Form 8-K

 

 

UNITED STATES

SECURITIES AND EXCHANGE COMMISSION

WASHINGTON, D.C. 20549

 

 

FORM 8-K

 

 

CURRENT REPORT

PURSUANT TO SECTION 13 OR 15(D)

OF THE SECURITIES EXCHANGE ACT OF 1934

Date of Report (date of earliest event reported): February 3, 2015 (January 28, 2015)

 

 

TAYLOR MORRISON HOME CORPORATION

(Exact name of registrant as specified in its charter)

 

 

 

Delaware   001-35873   90-0907433

(State or other jurisdiction

of incorporation)

  (Commission File No.)  

(IRS Employer

Identification No.)

4900 N. Scottsdale Road, Suite 2000

Scottsdale, AZ 85251

(Address of principal executive offices)

(480) 840-8100

(Registrant’s telephone number, including area code)

NOT APPLICABLE

(Former name or former address, if changed since last report)

 

 

Check the appropriate box below if the Form 8-K filing is intended to simultaneously satisfy the filing obligation of the registrant under any of the following provisions (see General Instruction A.2. below):

 

¨ Written communications pursuant to Rule 425 under the Securities Act (17 CFR 230.425)

 

¨ Soliciting material pursuant to Rule 14a-12 under the Exchange Act (17 CFR 240.14a-12)

 

¨ Pre-commencement communications pursuant to Rule 14d-2(b) under the Exchange Act (17 CFR 240.14d-2(b))

 

¨ Pre-commencement communications pursuant to Rule 13e-4(c) under the Exchange Act (17 CFR 240.13e-4(c))

 

 

 


Item 1.01 Entry into a Material Definitive Agreement.

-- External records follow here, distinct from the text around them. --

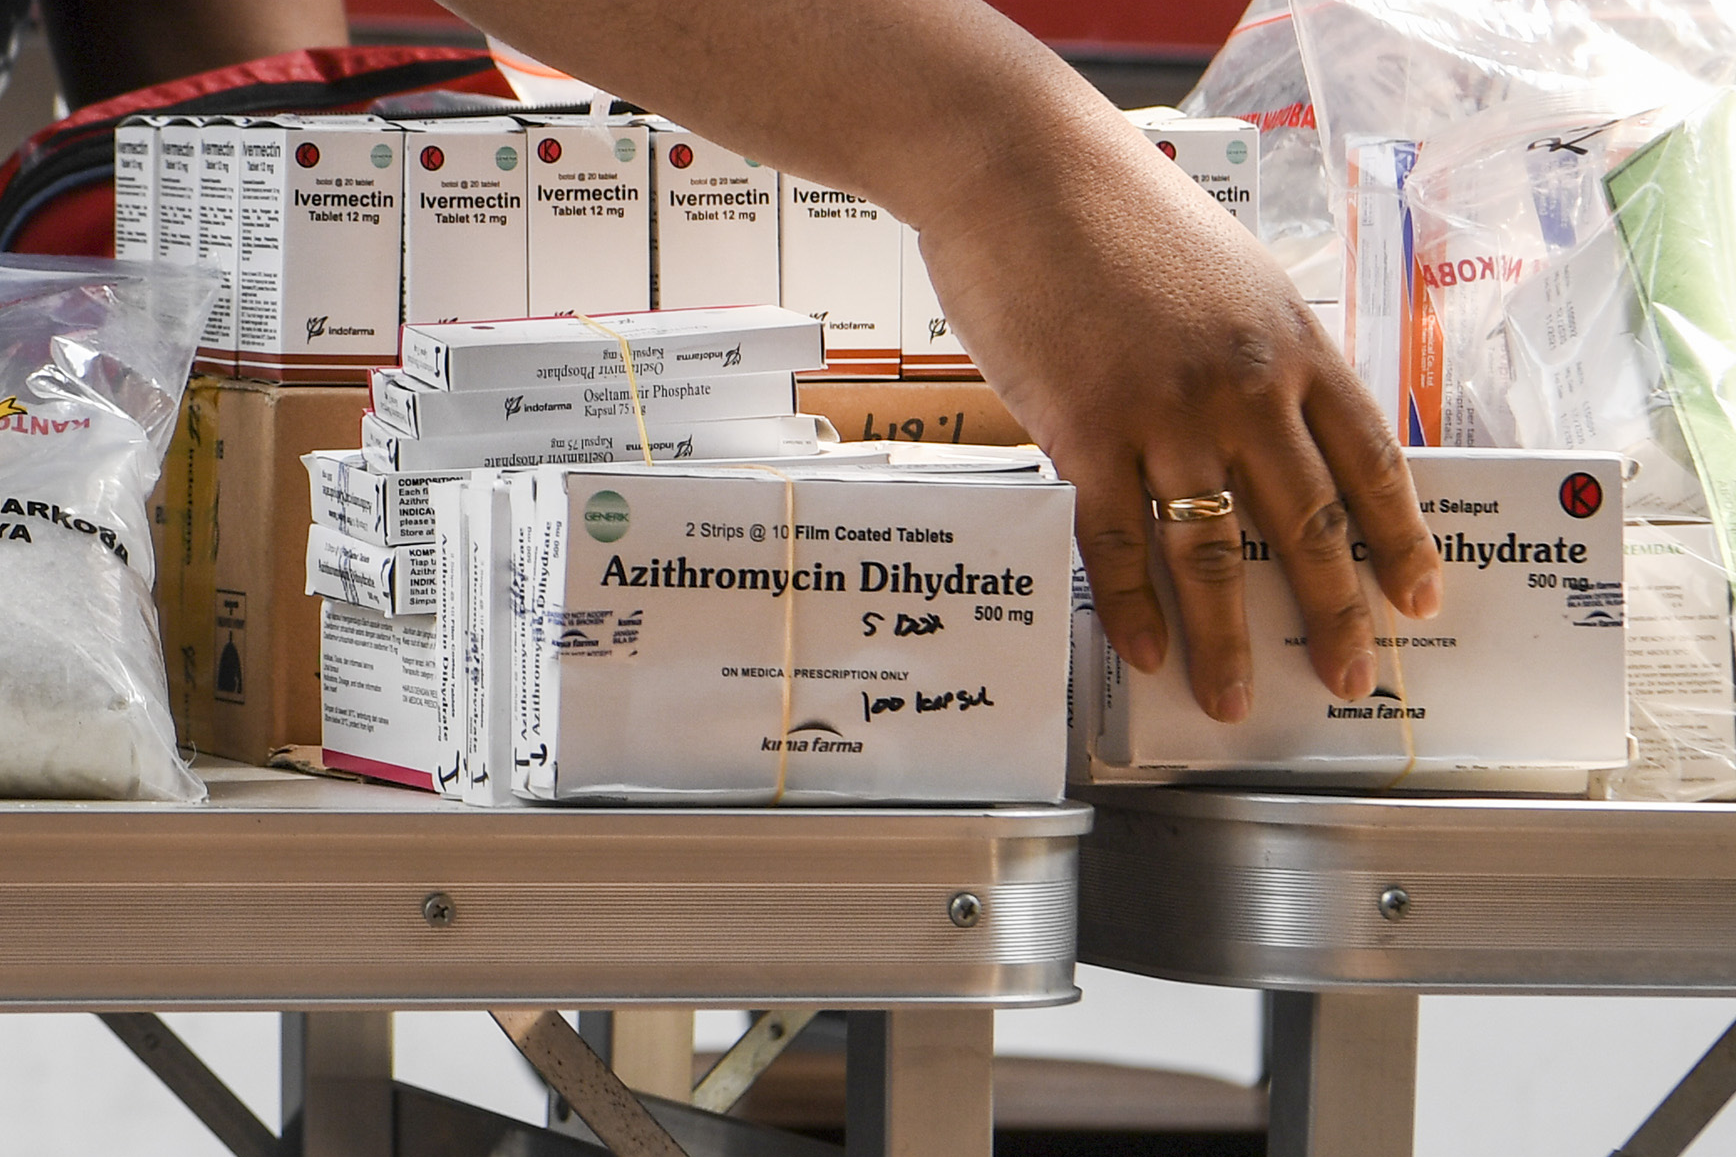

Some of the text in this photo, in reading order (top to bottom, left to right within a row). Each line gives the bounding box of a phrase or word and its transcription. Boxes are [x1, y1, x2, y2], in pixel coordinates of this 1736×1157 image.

[242, 141, 281, 158] Ivermectin
[294, 189, 394, 208] Ivermectin
[420, 192, 521, 209] Ivermectin
[538, 185, 638, 201] Ivermectin
[670, 189, 769, 206] Ivermectin
[793, 187, 868, 204] Iverme
[1207, 186, 1250, 203] ectin
[309, 210, 380, 225] Tablet 12 mg
[435, 213, 507, 226] Tablet 12 mg
[552, 206, 624, 218] Tablet 12 mg
[685, 210, 756, 222] Tablet 12 mg
[808, 208, 878, 220] Tablet 12 mg
[328, 326, 375, 336] indofarma
[829, 322, 875, 331] indofarma
[1426, 314, 1437, 355] Chemical
[602, 349, 618, 361] mg
[676, 350, 724, 362] indofarma
[536, 361, 665, 381] Oseltmivir Phosphate
[653, 382, 711, 401] Phosphate
[523, 402, 572, 413] indofarma
[584, 402, 630, 418] Kapsul 75
[550, 436, 614, 451] Kapsul 75 mg
[398, 488, 421, 497] Each
[1439, 499, 1499, 515] Selaput
[399, 518, 429, 528] please
[584, 511, 629, 523] GENERIK
[400, 528, 424, 538] Store
[686, 522, 954, 544] 2 Strips @ 10 Film Coated Tablets
[552, 540, 561, 559] 500
[410, 559, 429, 568] Tiap
[534, 521, 552, 609] Dihydrate
[600, 553, 1034, 601] Azithromycin Dihydrate
[1527, 573, 1558, 589] 500
[974, 605, 1034, 626] 500 mg
[1284, 637, 1308, 647] HAR
[1411, 637, 1457, 648] DOKTER
[721, 667, 910, 682] ON MEDICA PRESCRIPTION ONLY
[442, 656, 450, 742] Dihydrate
[1327, 703, 1374, 720] kimia
[811, 736, 863, 755] farma

Taylor Morrison Home Corporation (the “Company”) announced on January 28, 2015 that Monarch Parent Inc. (“Monarch Parent”) and TMM Holdings Limited Partnership (“TMM Holdings”), each a subsidiary of the Company, completed the previously announced sale (the “Transaction”) of 100% of the capital stock of Monarch Corporation (“Monarch”), at that time a wholly-owned subsidiary of the Company that owned the operations of the Company’s Canadian business, to 2444991 Ontario Inc. (“Purchaser”), a corporation incorporated under the laws of the Province of Ontario, a subsidiary of Mattamy Group Corporation, a corporation incorporated under the laws of the Province of Ontario. Purchaser delivered a cash purchase price of CAD $335 million at closing, which is subject to customary post-closing adjustments. Immediately prior to the closing, CAD $235 million of cash at Monarch was distributed to Monarch Parent. Monarch Parent will provide certain transition services to Monarch in connection with the Transaction.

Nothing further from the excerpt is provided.